§ SOURCE INFORMATION:
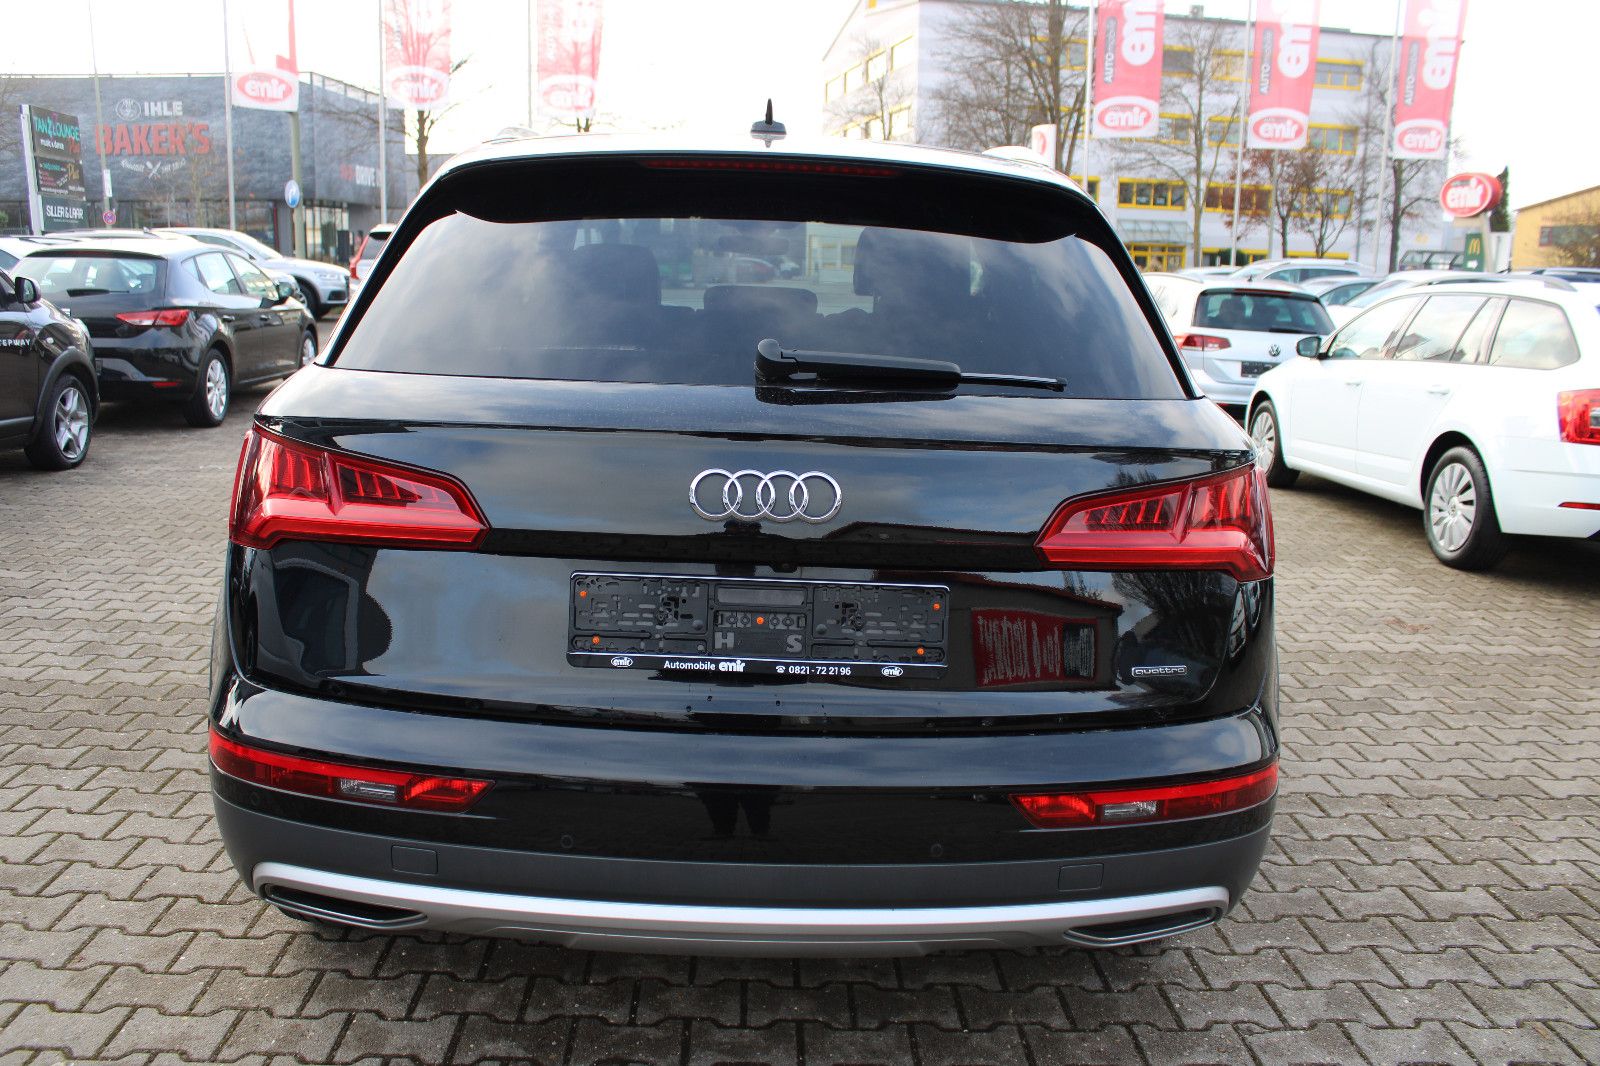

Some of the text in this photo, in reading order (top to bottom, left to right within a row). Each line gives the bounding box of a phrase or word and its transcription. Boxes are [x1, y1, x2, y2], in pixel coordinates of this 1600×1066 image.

[244, 79, 286, 99] emir
[144, 101, 183, 117] IHLE
[1104, 107, 1147, 127] emir
[1259, 120, 1298, 139] emir
[95, 122, 210, 156] BAKER'S
[1403, 131, 1440, 149] emir
[1446, 177, 1483, 208] emir
[612, 658, 632, 667] emir
[663, 659, 746, 672] Automobile emir
[883, 667, 902, 676] emir
[1135, 667, 1185, 676] quattro
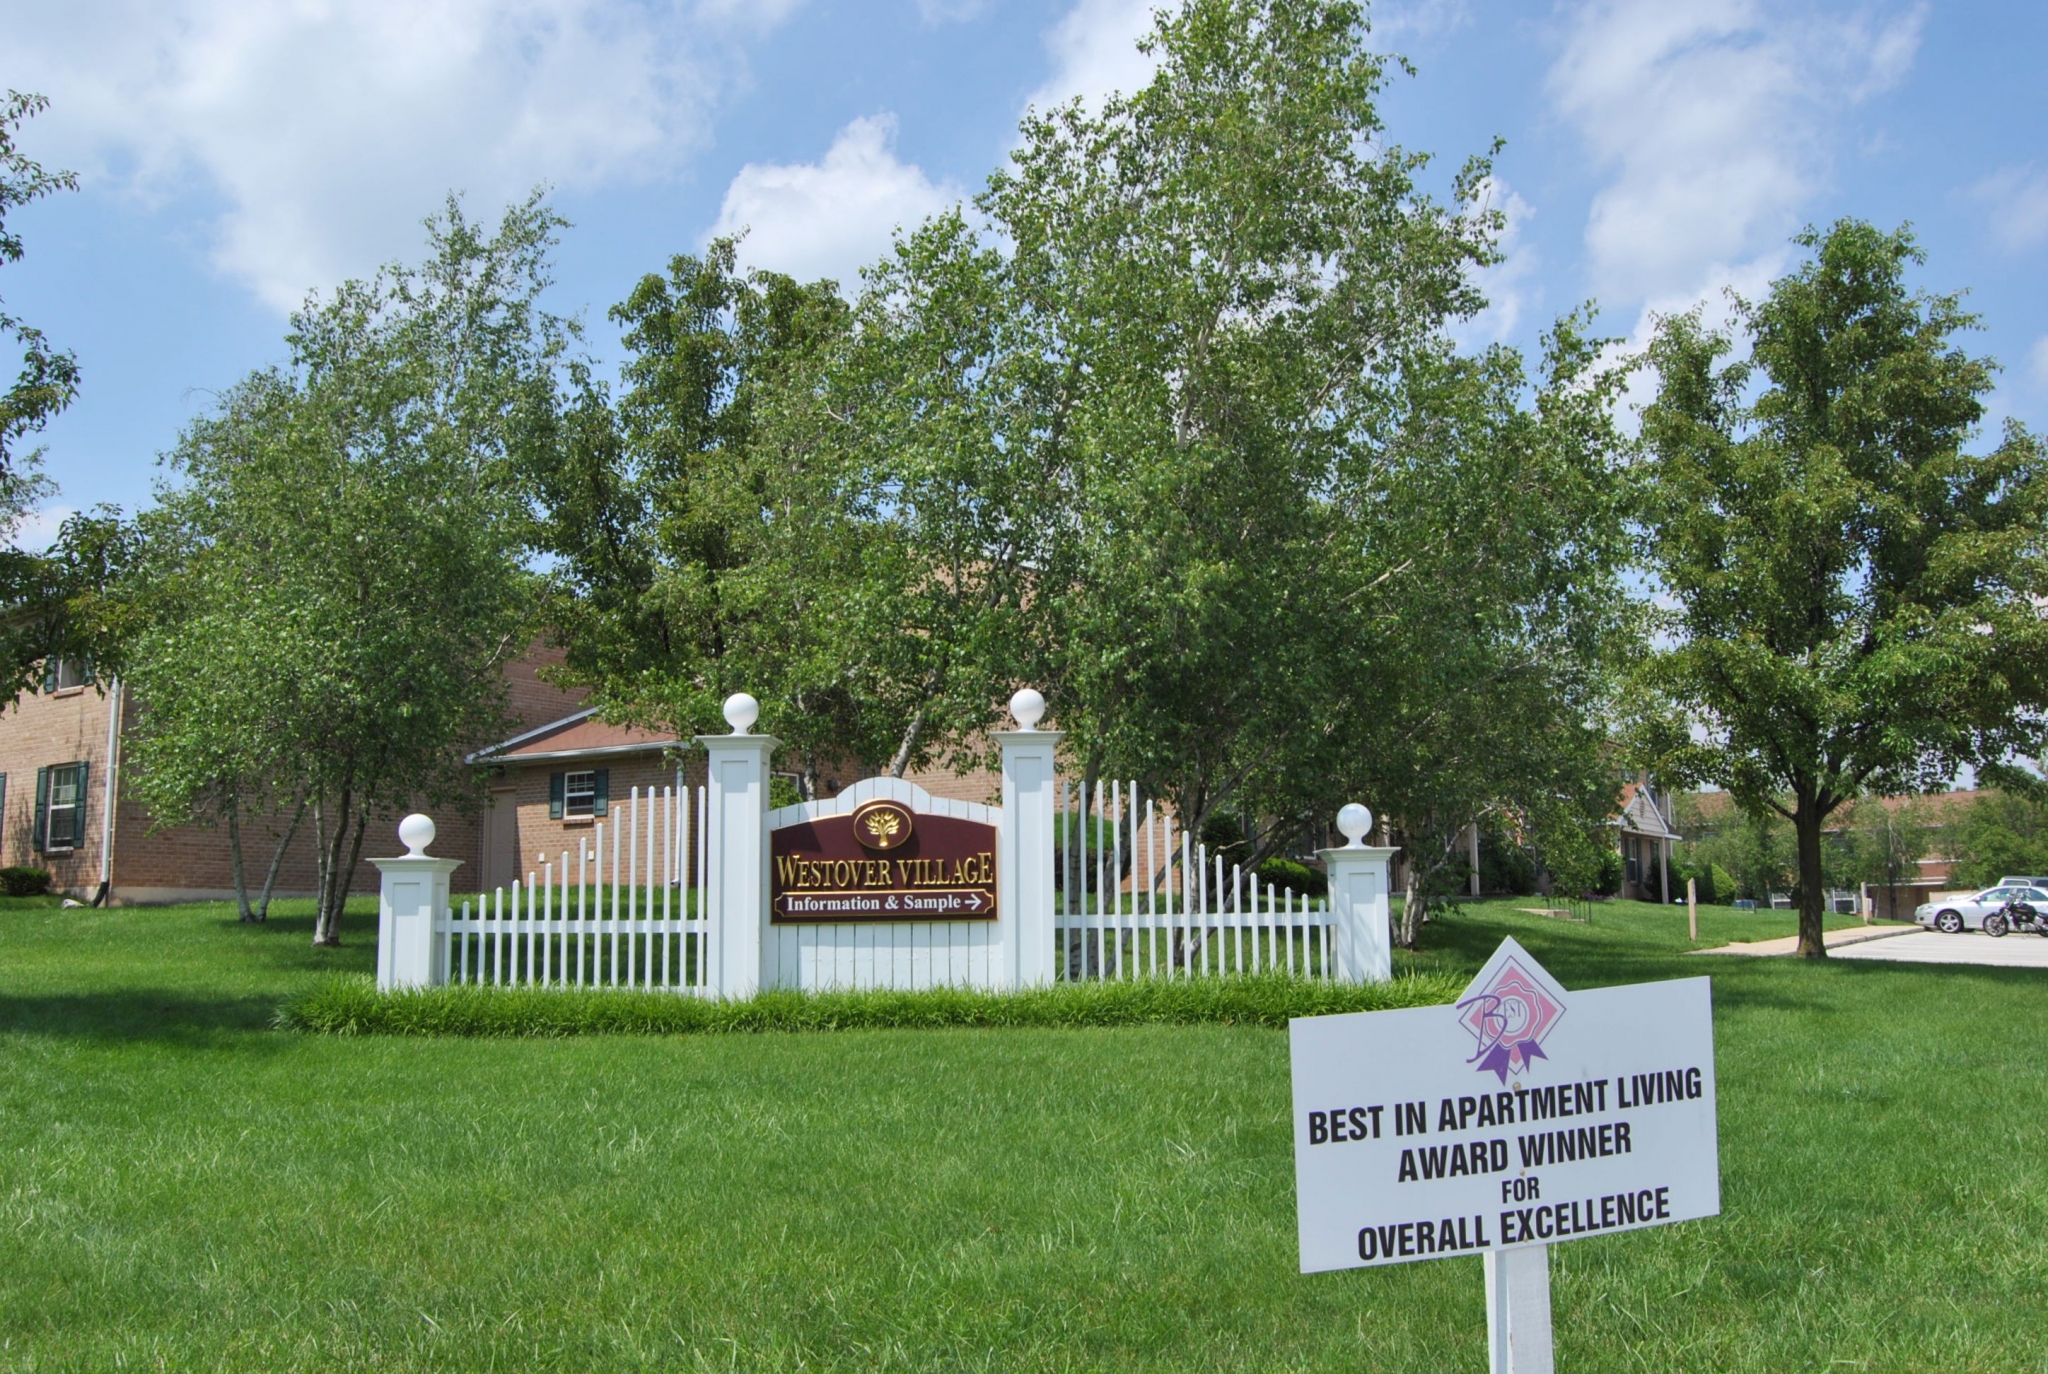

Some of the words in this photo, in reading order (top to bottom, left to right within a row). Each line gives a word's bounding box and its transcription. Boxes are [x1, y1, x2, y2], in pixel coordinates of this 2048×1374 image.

§ ACTIVITY: Retype the entries above word for word, minus any images.

§ OUTPUT FOR THIS TASK:
Some of the text in this photo, in reading order (top to bottom, left to right within a row). Each line gives the bounding box of a phrase or word and its transcription. Boxes are [x1, y1, x2, y2], in pixel coordinates of this 1600×1066 image.

[244, 79, 286, 99] emir
[144, 101, 183, 117] IHLE
[1104, 107, 1147, 127] emir
[1259, 120, 1298, 139] emir
[95, 122, 210, 156] BAKER'S
[1403, 131, 1440, 149] emir
[1446, 177, 1483, 208] emir
[612, 658, 632, 667] emir
[663, 659, 746, 672] Automobile emir
[883, 667, 902, 676] emir
[1135, 667, 1185, 676] quattro

Some of the words in this photo, in reading order (top to bottom, left to right within a row). Each line gives a word's bounding box and its transcription. Boxes are [x1, y1, x2, y2], in pixel coordinates of this 2048×1374 image.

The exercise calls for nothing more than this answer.